Julien Crockett interviews Kelly Clancy about gamification, simulations, and her new book “Playing with Reality: How Games Have Shaped Our World.”
Playing with Reality: How Games Have Shaped Our World by Kelly Clancy. Riverhead Books, 2024. 368 pages.
This interview is part of The Rules We Live By, a series devoted to asking what it means to be a human living by an ever-evolving set of rules. The series is made up of conversations with those who dictate, think deeply about, and seek to bend or break the rules we live by.
¤
“GAMES ARE A KIND of untrue truth,” writes neuroscientist and physicist Kelly Clancy in her new book Playing with Reality: How Games Have Shaped Our World. In a game, we suspend reality, allowing ourselves to inhabit new roles and identities and explore the realm of “what could be.” For this reason, games have a storied history as simulations and tools for testing our intelligence and creativity.
Games also helped usher in probability theory and game theory, transforming chance from “the mouthpiece of God” into a series of laws that are susceptible to analysis and which enable prediction. But Clancy anticipates a complicated future as we more intentionally use games to model and shape reality. “I think games are more likely to temper a dystopia than usher in utopia,” she tells me. Relying on powerful historical examples, Clancy considers the attributes that make games enjoyable and rewarding, the empty promises of gamification, and the reasons games are so fundamental to understanding who we are.
¤
JULIEN CROCKETT: You dedicate Playing with Reality to the next generation, writing, “If play is the engine of creation, I cannot wait to see what new worlds you build.” A recurring theme in your book is the primacy of play and games to what it means to be human—that playing games is universal, an instinct. What makes games and play so important to understanding ourselves?
KELLY CLANCY: Play is something that predates humans. It’s fundamental to how animals engage in and understand the world. It’s how we test and figure out the rules of our environment, how social relationships work. Part of the idea to focus on play in the book was generated from David Graeber and David Wengrow’s book The Dawn of Everything: A New History of Humanity (2021), where they go through different ancient societies and show not only how incredibly diverse they were—contrary to the idea that there is a monolithic trajectory from hunter-gatherer to agriculturalist to industrial society—but also how incredibly playful all of these societies were. More recently, at events like Carnival in Renaissance Europe, people would put on costumes and participate in taboo things like gambling, having affairs, and drinking. There were all of these opportunities to release the strictures of society and try something new.
This is something that I think we’re missing in our current society but that maybe the internet is giving us—an opportunity to put on a new mask, a new personality, and to act in a way that we wouldn’t necessarily in our everyday interactions. I think of play as a way we try on different identities and work our way toward a society that, hopefully, eventually works for everyone.

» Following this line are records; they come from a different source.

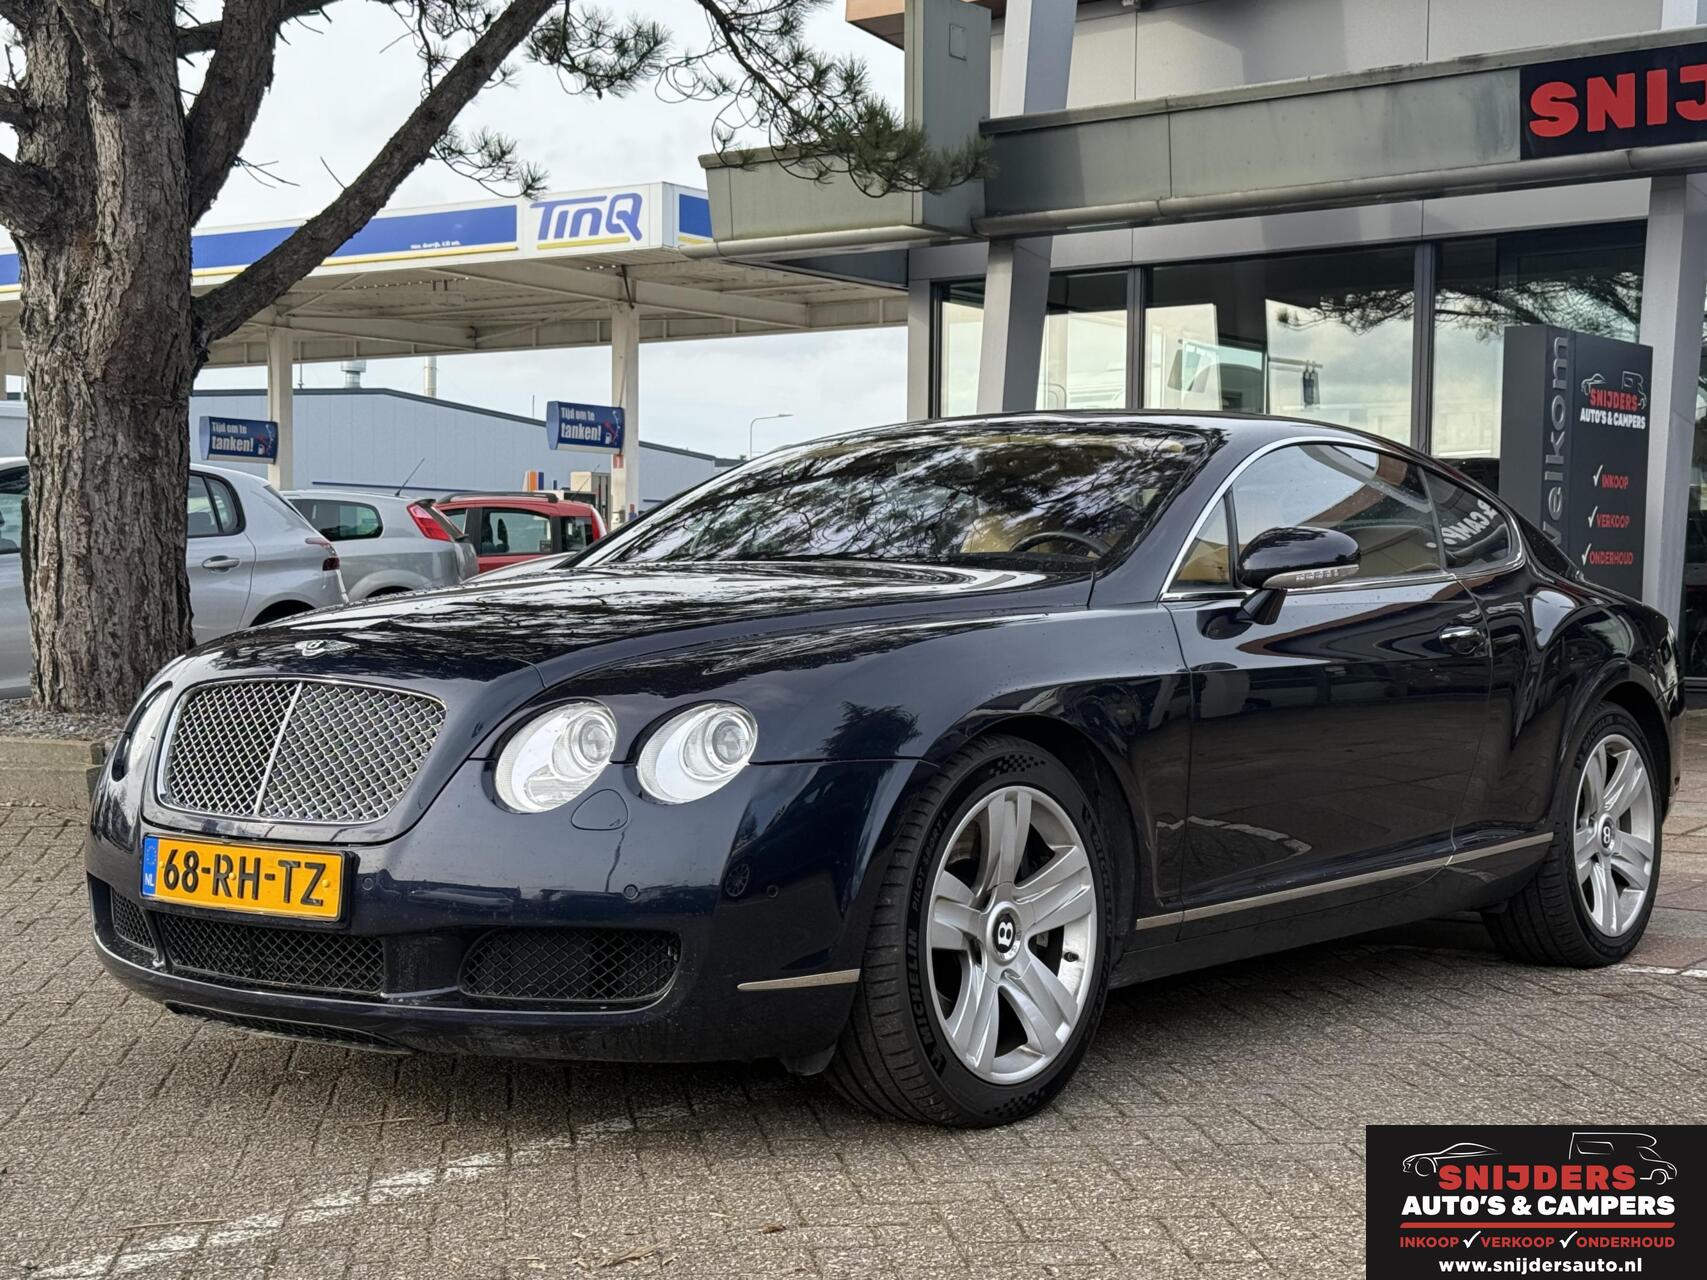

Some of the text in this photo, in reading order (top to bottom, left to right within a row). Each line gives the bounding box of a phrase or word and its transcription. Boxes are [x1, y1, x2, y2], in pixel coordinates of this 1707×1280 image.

[1590, 388, 1638, 412] SNIJDERS
[561, 407, 575, 419] Tijd
[587, 411, 596, 421] te
[1580, 408, 1646, 430] AUTO'S & CAMPERS
[211, 422, 226, 433] Tijd
[226, 425, 239, 433] om
[561, 422, 602, 441] tanken!
[211, 436, 254, 452] tanken!
[1602, 474, 1629, 489] INKOOP
[1597, 514, 1630, 528] VERKOOP
[1589, 551, 1634, 565] ONDERHOUD
[143, 873, 155, 887] NL
[163, 849, 327, 907] 68-RH-TZ
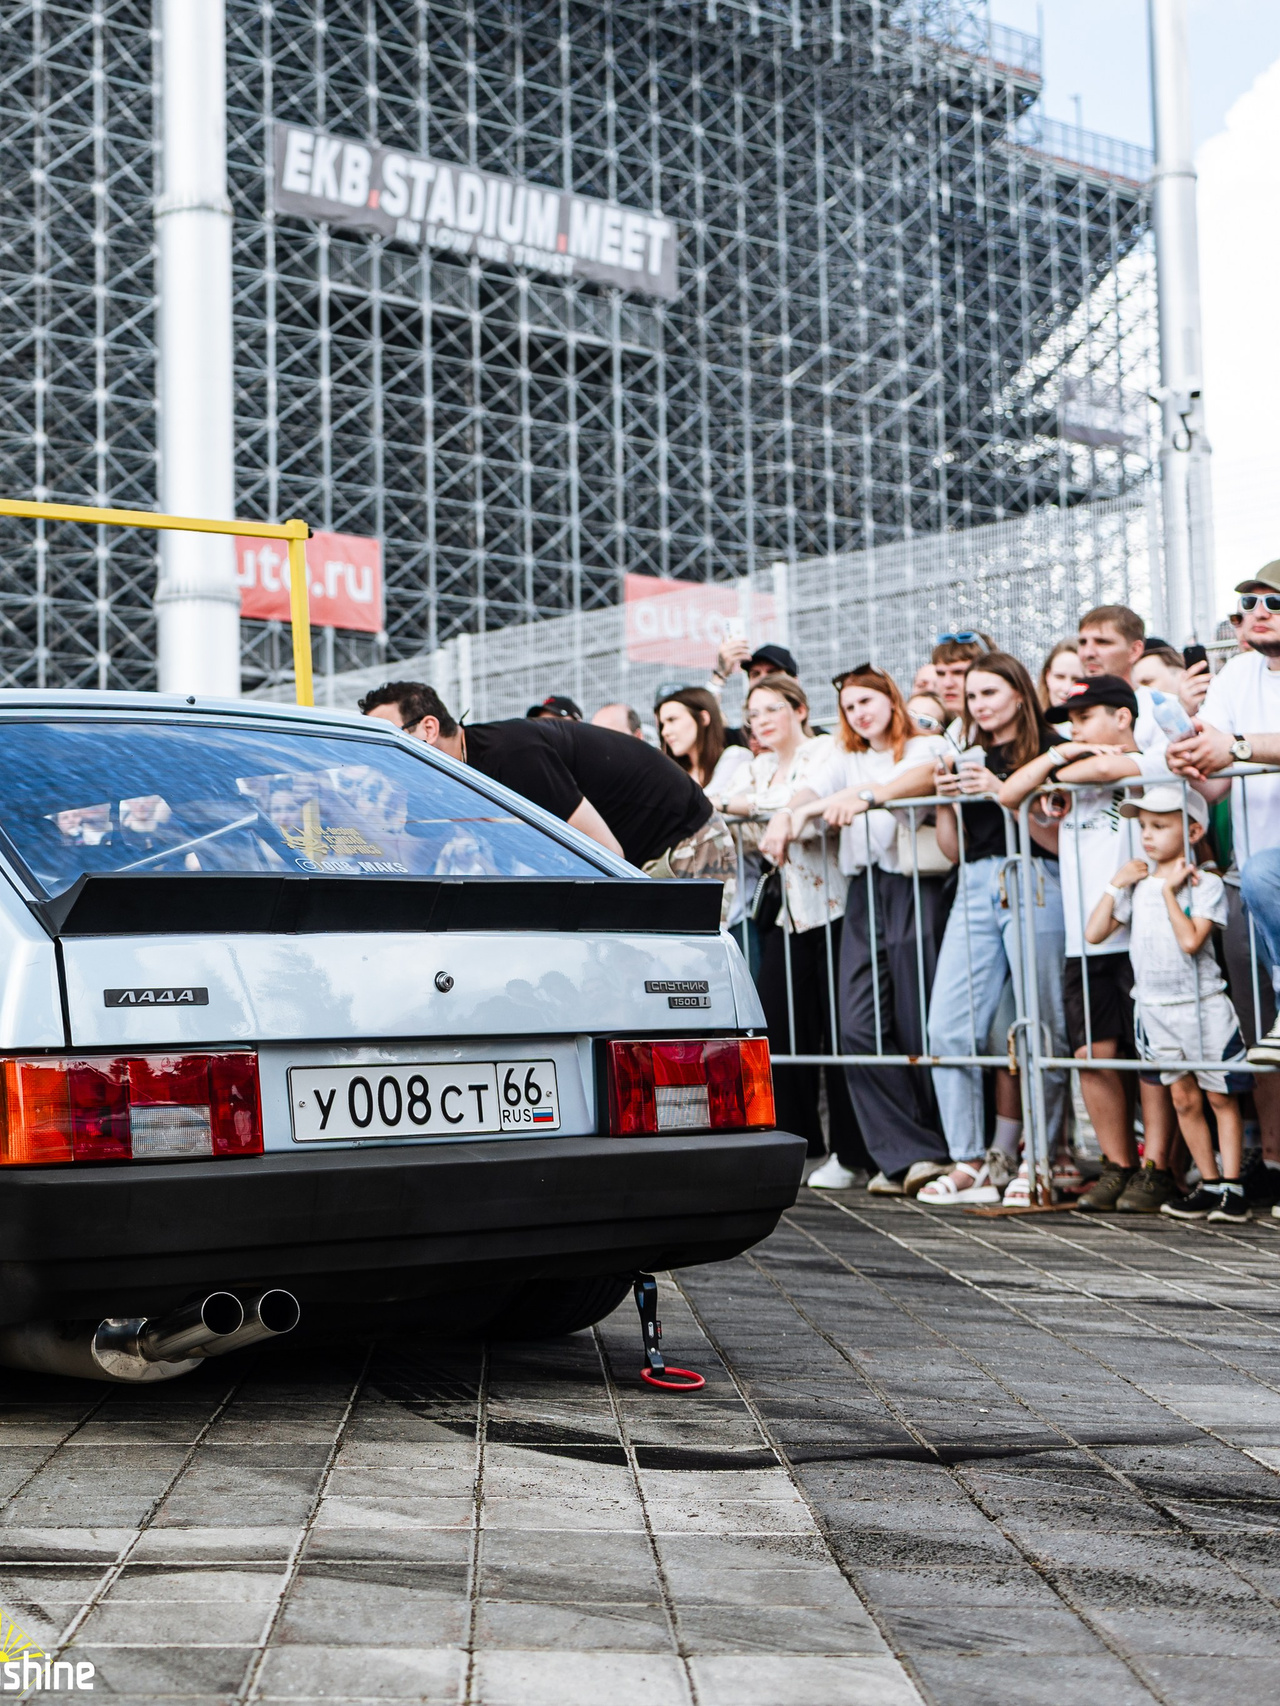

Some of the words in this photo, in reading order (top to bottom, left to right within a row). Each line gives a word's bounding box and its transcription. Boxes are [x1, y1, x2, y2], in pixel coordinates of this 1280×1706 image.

[282, 129, 671, 276] EKB.STADIUM.MEET
[396, 218, 420, 244] IN
[425, 223, 472, 254] LOW
[476, 235, 508, 263] WE
[513, 245, 576, 276] TRUST
[236, 545, 373, 602] ut.ru
[117, 989, 195, 1004] ЛАДА
[650, 981, 707, 991] СПУТНИК
[674, 998, 697, 1006] 1500
[503, 1067, 542, 1106] 66
[502, 1108, 532, 1123] RUS
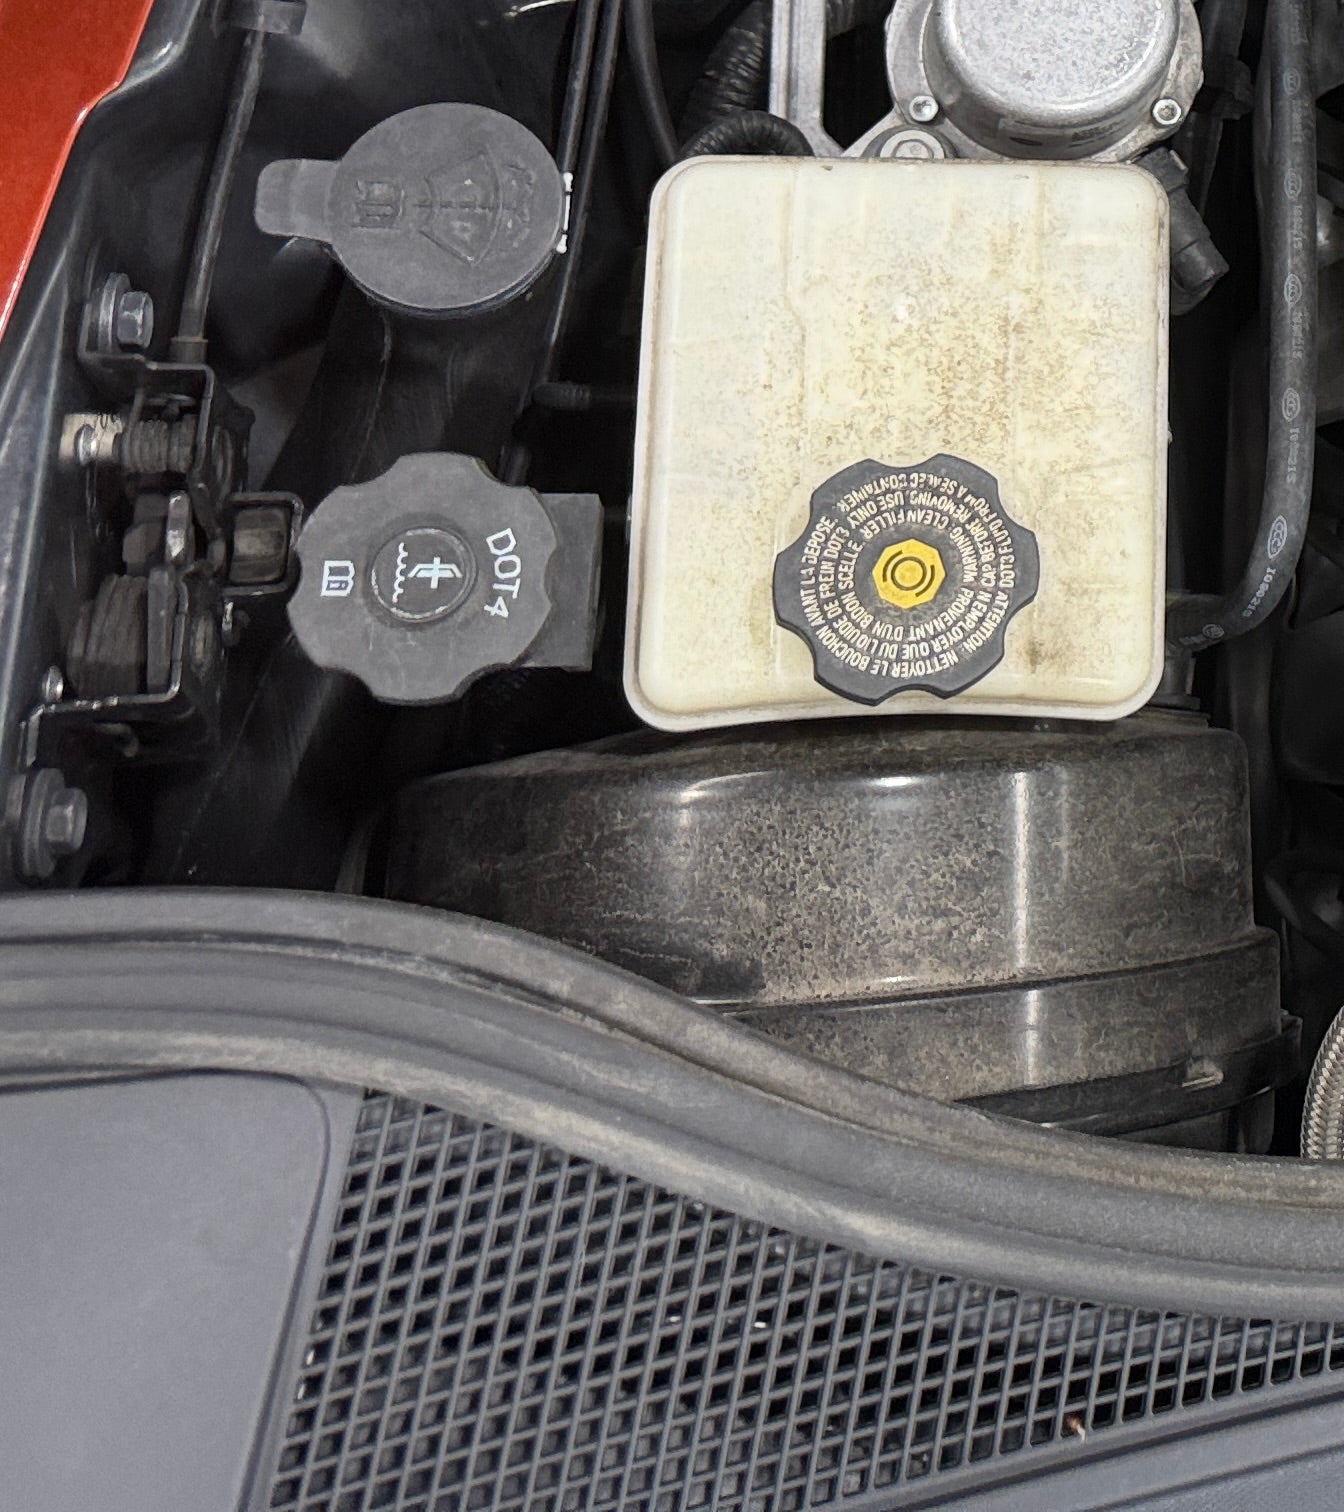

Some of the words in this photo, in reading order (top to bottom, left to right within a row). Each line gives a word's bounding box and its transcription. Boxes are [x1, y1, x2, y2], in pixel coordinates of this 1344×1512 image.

[877, 490, 905, 511] USE
[964, 494, 998, 523] FROM
[847, 501, 878, 530] ONLY
[860, 509, 905, 540] FILLER
[907, 509, 949, 530] CLEAN
[824, 526, 850, 561] DOT3
[965, 518, 996, 563] BEFORE
[800, 566, 815, 585] LA
[817, 561, 837, 599] FREIN
[981, 563, 997, 587] CAP
[800, 588, 824, 628] AVANT
[823, 600, 840, 619] DE
[842, 591, 874, 629] BIDON
[908, 588, 974, 642] PROVENANT
[833, 616, 877, 651] LIQUIDE
[872, 620, 903, 641] D'UN
[816, 626, 870, 670] BOUCHON
[878, 641, 898, 660] DU
[902, 644, 930, 660] QUE
[870, 658, 889, 676] LE
[891, 651, 959, 678] NETTOYER

Looked at from another perspective, play also helps reveal that there is no baseline, fixed human nature. We are extremely malleable, changing depending on the game we’re playing, the roles we inhabit in society. You write that one of the purposes of the book is refuting B. F. Skinner’s claim that “no theory changes what it is a theory about; man remains what he has always been.” What about Skinner’s perspective is so incorrect, in your view?
There is a lot to this. I didn’t anticipate writing a book addressing B. F. Skinner, but his ideas kept coming up, particularly in psychology research and the type of behavioral-economics research relying on game theory to understand human nature. Game theory is a description of an optimizing function. The people who created it initially thought it could be a good model of human behavior because humans are selfish. Game theory is a beautiful field of mathematics, which has been really useful for operations research, for example, but which has been squarely refuted by psychologists. Humans are not selfish. We change our behaviors depending on the context we’re in.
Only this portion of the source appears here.